[Spatial localization data]
+++
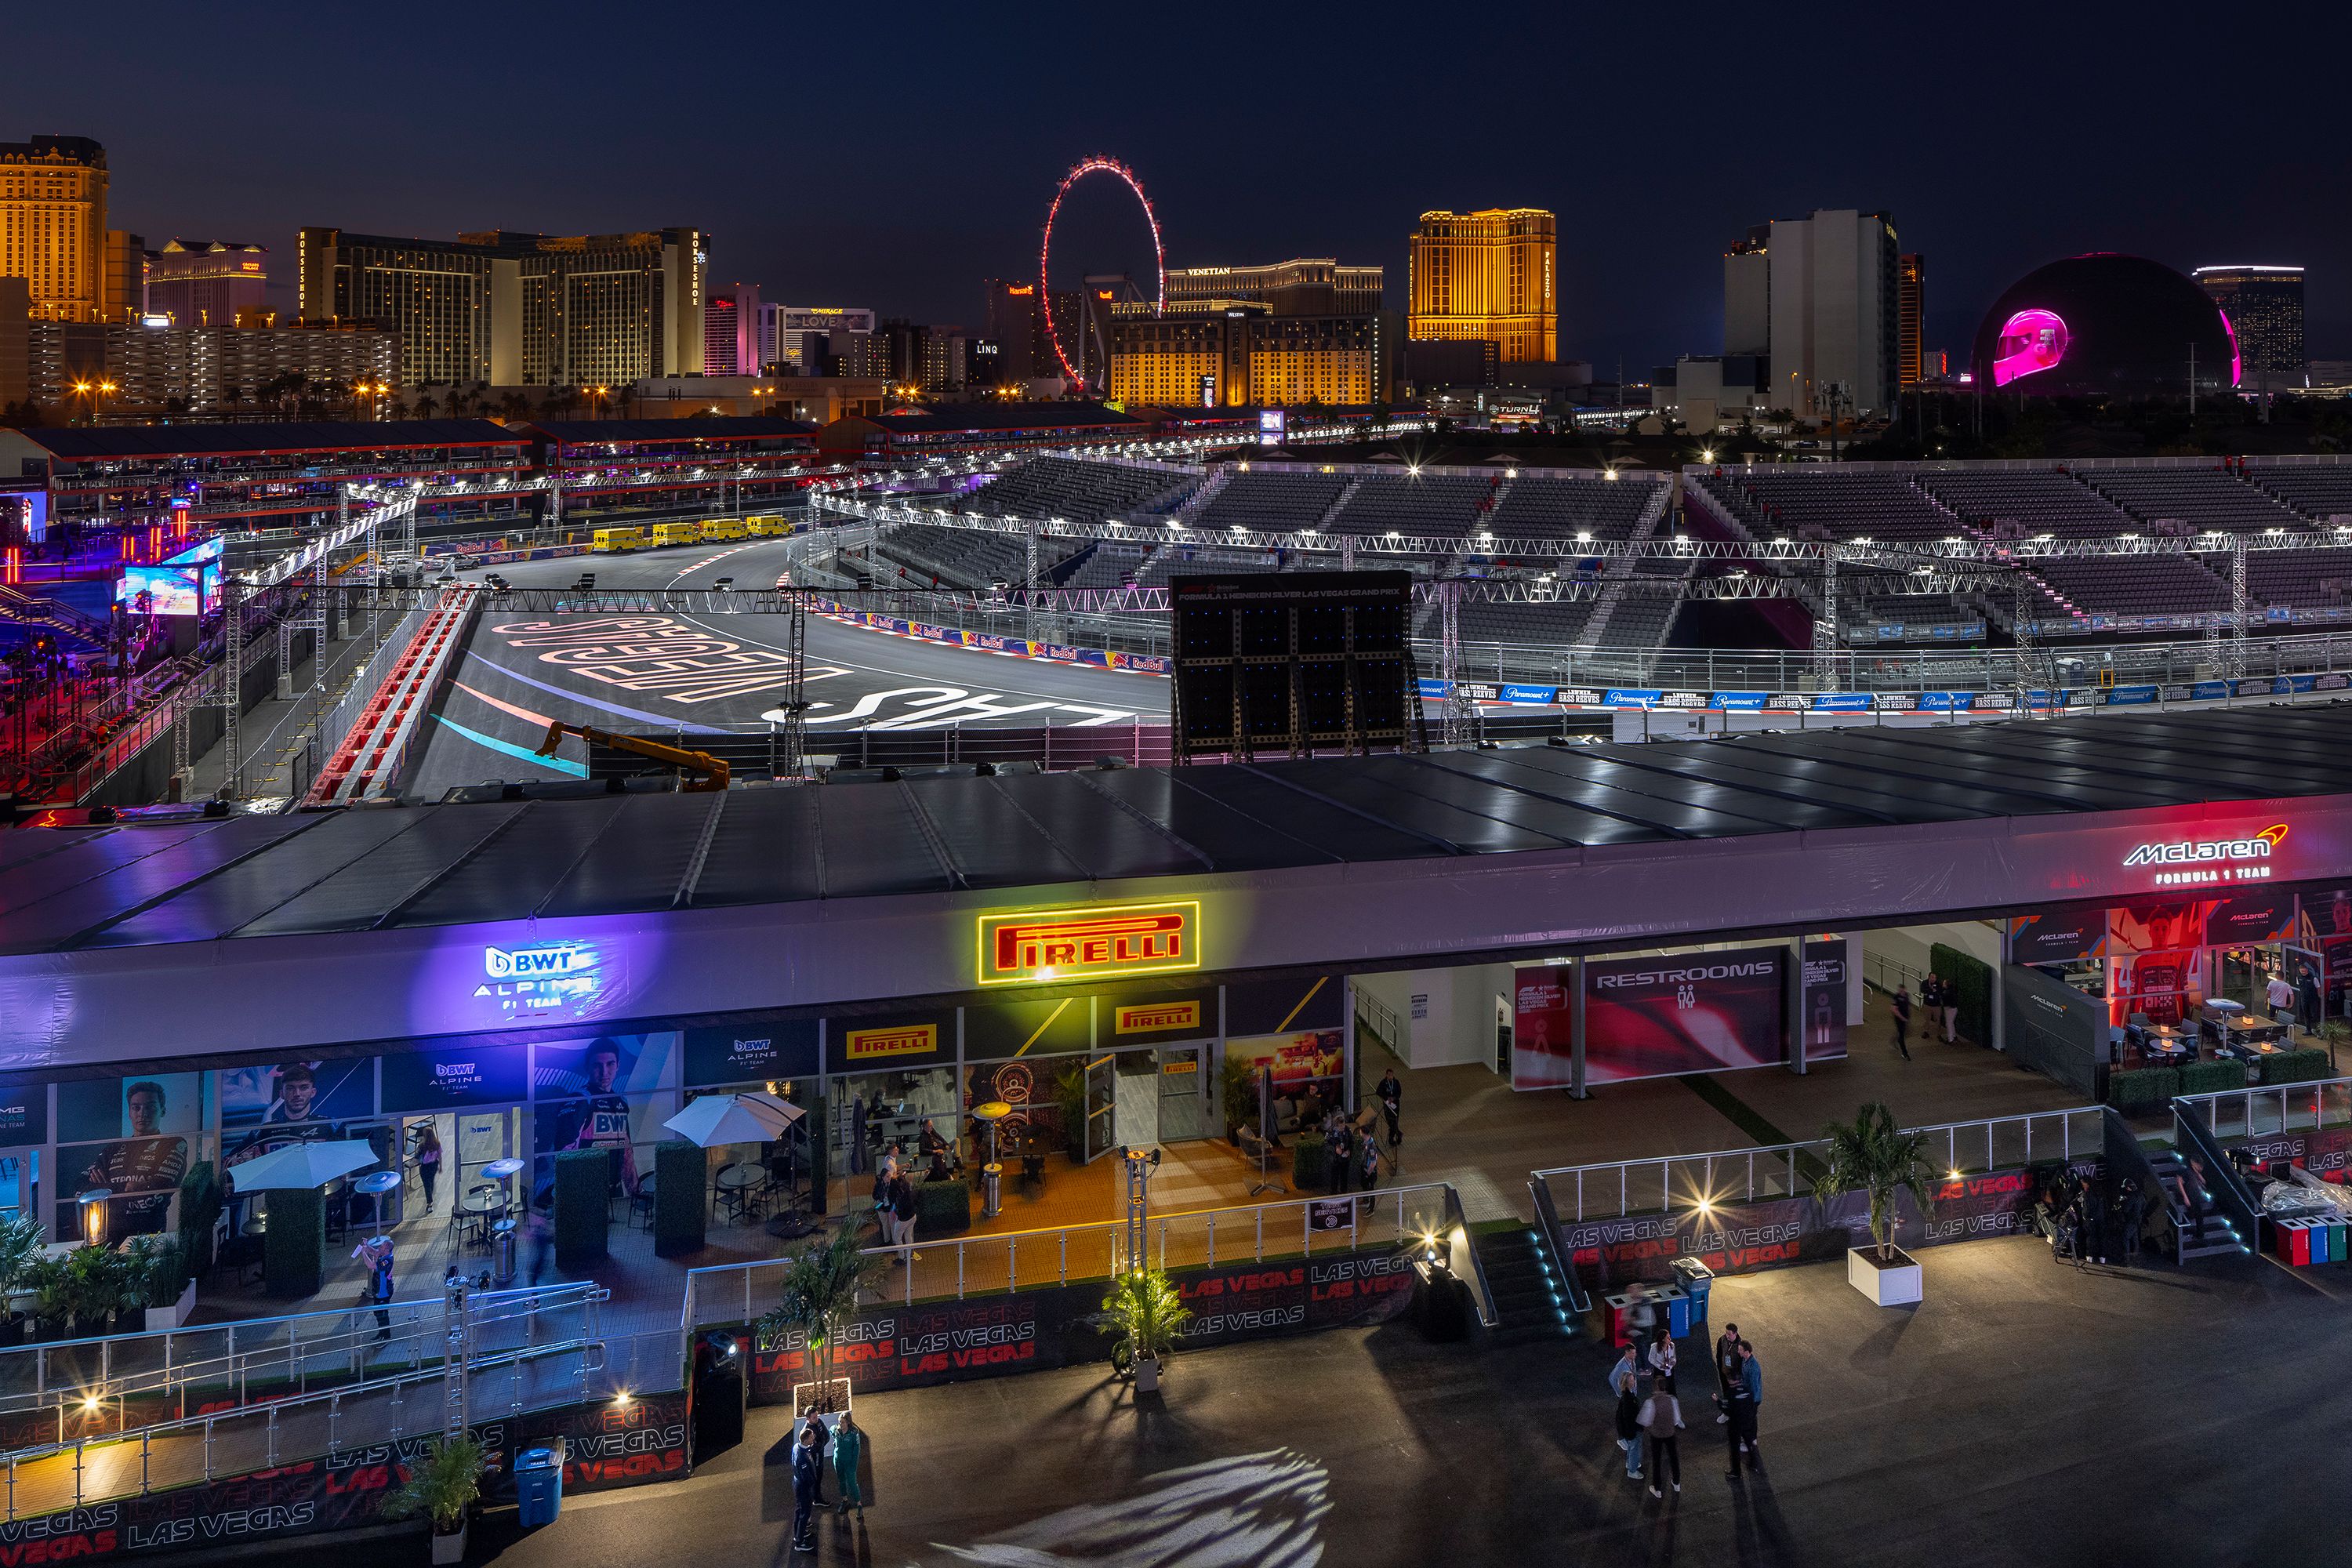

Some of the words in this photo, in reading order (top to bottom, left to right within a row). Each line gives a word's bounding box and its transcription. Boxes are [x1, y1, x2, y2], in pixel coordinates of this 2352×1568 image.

[1187, 267, 1231, 276] VENETIAN
[801, 316, 837, 328] LOVE
[977, 345, 998, 354] LINQ
[456, 543, 471, 553] Red
[472, 541, 485, 551] Bull
[553, 549, 564, 557] Red
[564, 546, 575, 556] Bull
[501, 554, 512, 562] Bull
[924, 627, 934, 637] Red
[934, 629, 942, 639] Bull
[981, 637, 992, 647] Red
[992, 638, 1004, 649] Bull
[1050, 647, 1063, 658] Red
[1064, 648, 1077, 660] Bull
[1133, 657, 1148, 669] Red
[1149, 659, 1164, 671] Bull
[1473, 691, 1497, 699] REEVES
[1505, 687, 1550, 699] Paramount+
[1559, 695, 1574, 703] BASS
[1575, 695, 1599, 704] REEVES
[1609, 691, 1654, 703] Paramount+
[2070, 696, 2085, 705] BASS
[1680, 699, 1705, 707] REEVES
[1769, 699, 1786, 708] BASS
[1892, 700, 1915, 709] REEVES
[1991, 698, 2013, 707] REEVES
[2122, 838, 2270, 866] McLaren
[2156, 871, 2218, 884] FORMULA
[2223, 870, 2230, 880] 1
[2237, 866, 2270, 879] TEAM
[2230, 913, 2269, 921] McLaren
[996, 913, 1184, 971] PIRELLI
[2037, 932, 2078, 942] McLaren
[515, 953, 572, 972] BWT
[1596, 961, 1773, 989] RESTROOMS
[2118, 956, 2132, 994] 4
[473, 978, 593, 997] ALPIN
[503, 1000, 517, 1010] F1
[525, 997, 562, 1009] TEAM
[2031, 994, 2063, 1012] McLaren
[1123, 1007, 1192, 1029] PIRELLI
[744, 1039, 771, 1050] BWT
[854, 1030, 929, 1053] PIRELLI
[728, 1051, 778, 1061] ALPINE
[447, 1063, 475, 1075] BWT
[1166, 1063, 1194, 1073] PIRELLI
[429, 1076, 482, 1086] ALPINE
[2309, 1152, 2345, 1171] LAS
[1967, 1173, 2033, 1196] VEGAS
[129, 1193, 164, 1210] INEOS
[1320, 1202, 1342, 1210] TEAM
[1315, 1207, 1348, 1218] SERVICES
[1601, 1218, 1677, 1243] VEGAS
[1926, 1218, 1964, 1239] LAS
[1967, 1210, 2035, 1232] VEGAS
[1683, 1232, 1726, 1253] LAS
[1727, 1222, 1800, 1247] VEGAS
[1603, 1239, 1677, 1262] VEGAS
[1729, 1241, 1800, 1267] VEGAS
[1312, 1261, 1355, 1283] LAS
[1180, 1277, 1224, 1299] LAS
[1228, 1269, 1304, 1292] VEGAS
[1312, 1280, 1354, 1301] LAS
[1179, 1315, 1225, 1337] LAS
[1227, 1305, 1305, 1330] VEGAS
[756, 1330, 805, 1353] LAS
[901, 1333, 949, 1356] LAS
[952, 1321, 1035, 1348] VEGAS
[756, 1351, 804, 1374] LAS
[902, 1352, 949, 1375] LAS
[952, 1341, 1035, 1369] VEGAS
[579, 1425, 684, 1459] VEGAS
[326, 1446, 390, 1470] LAS
[579, 1450, 684, 1483] VEGAS
[326, 1465, 389, 1494] LAS
[0, 1504, 118, 1542] VEGAS
[128, 1518, 194, 1549] LAS
[199, 1501, 314, 1537] VEGAS
[0, 1530, 118, 1568] VEGAS
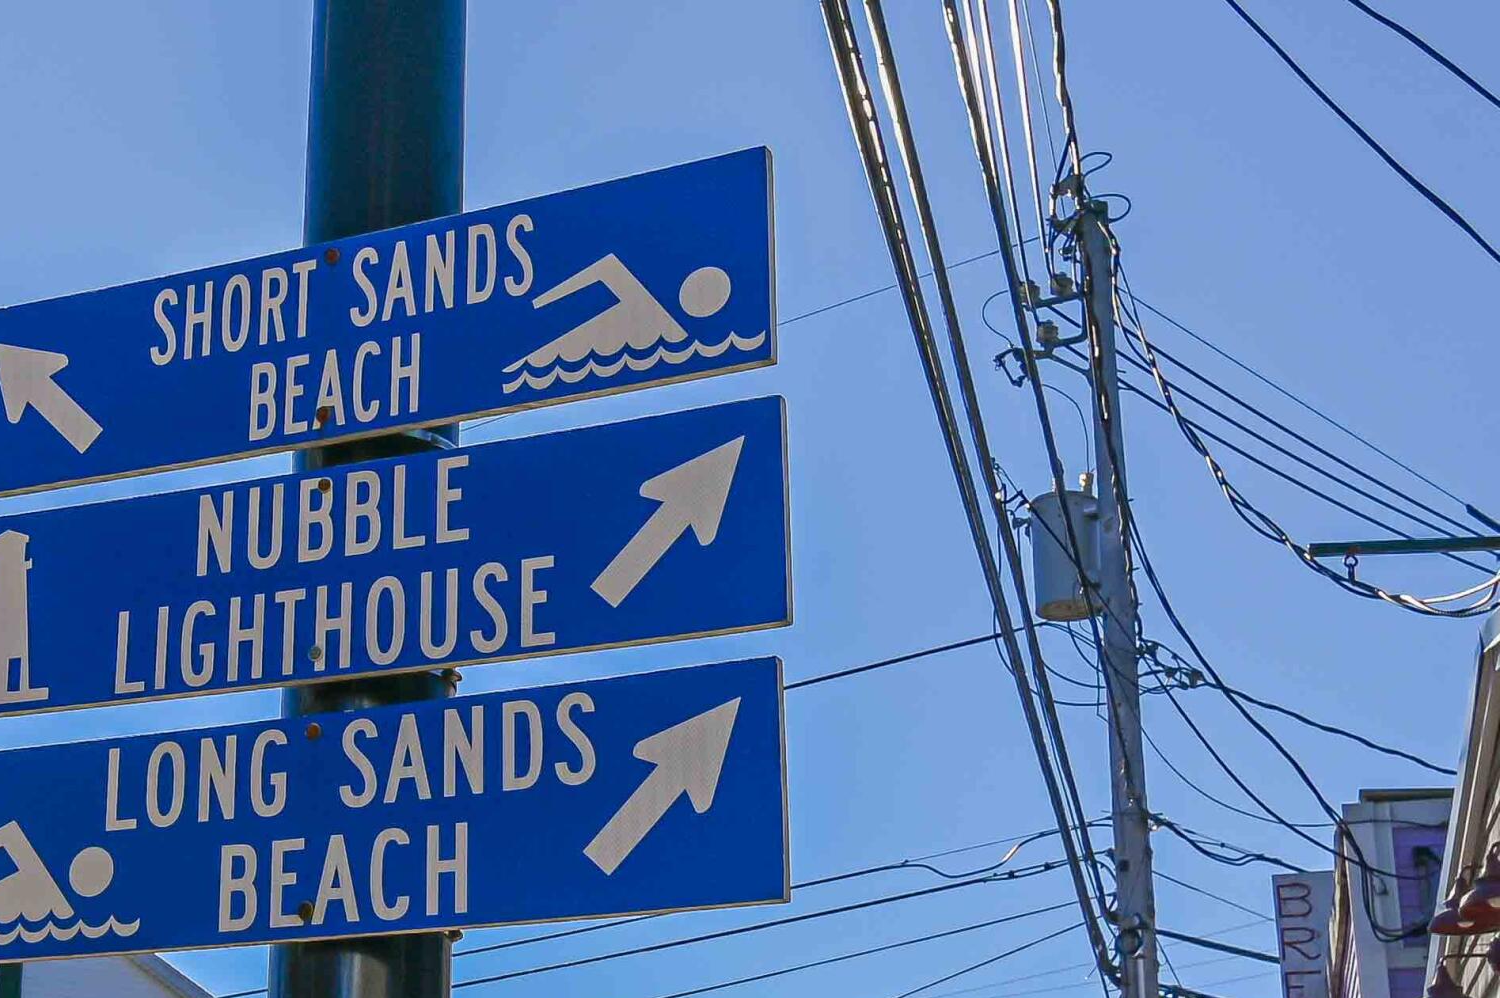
+++
Exercise details | Please print every record above exactly, but leave the pictures out.

Answer below |
Some of the words in this photo, in reading order (top to bottom, left to right within a row). Each line gives a word's bounding box and its transcription. Boxes are [x1, y1, x2, y2], in pixel coordinates of this 2352×1568 image.

[1187, 267, 1231, 276] VENETIAN
[801, 316, 837, 328] LOVE
[977, 345, 998, 354] LINQ
[456, 543, 471, 553] Red
[472, 541, 485, 551] Bull
[553, 549, 564, 557] Red
[564, 546, 575, 556] Bull
[501, 554, 512, 562] Bull
[924, 627, 934, 637] Red
[934, 629, 942, 639] Bull
[981, 637, 992, 647] Red
[992, 638, 1004, 649] Bull
[1050, 647, 1063, 658] Red
[1064, 648, 1077, 660] Bull
[1133, 657, 1148, 669] Red
[1149, 659, 1164, 671] Bull
[1473, 691, 1497, 699] REEVES
[1505, 687, 1550, 699] Paramount+
[1559, 695, 1574, 703] BASS
[1575, 695, 1599, 704] REEVES
[1609, 691, 1654, 703] Paramount+
[2070, 696, 2085, 705] BASS
[1680, 699, 1705, 707] REEVES
[1769, 699, 1786, 708] BASS
[1892, 700, 1915, 709] REEVES
[1991, 698, 2013, 707] REEVES
[2122, 838, 2270, 866] McLaren
[2156, 871, 2218, 884] FORMULA
[2223, 870, 2230, 880] 1
[2237, 866, 2270, 879] TEAM
[2230, 913, 2269, 921] McLaren
[996, 913, 1184, 971] PIRELLI
[2037, 932, 2078, 942] McLaren
[515, 953, 572, 972] BWT
[1596, 961, 1773, 989] RESTROOMS
[2118, 956, 2132, 994] 4
[473, 978, 593, 997] ALPIN
[503, 1000, 517, 1010] F1
[525, 997, 562, 1009] TEAM
[2031, 994, 2063, 1012] McLaren
[1123, 1007, 1192, 1029] PIRELLI
[744, 1039, 771, 1050] BWT
[854, 1030, 929, 1053] PIRELLI
[728, 1051, 778, 1061] ALPINE
[447, 1063, 475, 1075] BWT
[1166, 1063, 1194, 1073] PIRELLI
[429, 1076, 482, 1086] ALPINE
[2309, 1152, 2345, 1171] LAS
[1967, 1173, 2033, 1196] VEGAS
[129, 1193, 164, 1210] INEOS
[1320, 1202, 1342, 1210] TEAM
[1315, 1207, 1348, 1218] SERVICES
[1601, 1218, 1677, 1243] VEGAS
[1926, 1218, 1964, 1239] LAS
[1967, 1210, 2035, 1232] VEGAS
[1683, 1232, 1726, 1253] LAS
[1727, 1222, 1800, 1247] VEGAS
[1603, 1239, 1677, 1262] VEGAS
[1729, 1241, 1800, 1267] VEGAS
[1312, 1261, 1355, 1283] LAS
[1180, 1277, 1224, 1299] LAS
[1228, 1269, 1304, 1292] VEGAS
[1312, 1280, 1354, 1301] LAS
[1179, 1315, 1225, 1337] LAS
[1227, 1305, 1305, 1330] VEGAS
[756, 1330, 805, 1353] LAS
[901, 1333, 949, 1356] LAS
[952, 1321, 1035, 1348] VEGAS
[756, 1351, 804, 1374] LAS
[902, 1352, 949, 1375] LAS
[952, 1341, 1035, 1369] VEGAS
[579, 1425, 684, 1459] VEGAS
[326, 1446, 390, 1470] LAS
[579, 1450, 684, 1483] VEGAS
[326, 1465, 389, 1494] LAS
[0, 1504, 118, 1542] VEGAS
[128, 1518, 194, 1549] LAS
[199, 1501, 314, 1537] VEGAS
[0, 1530, 118, 1568] VEGAS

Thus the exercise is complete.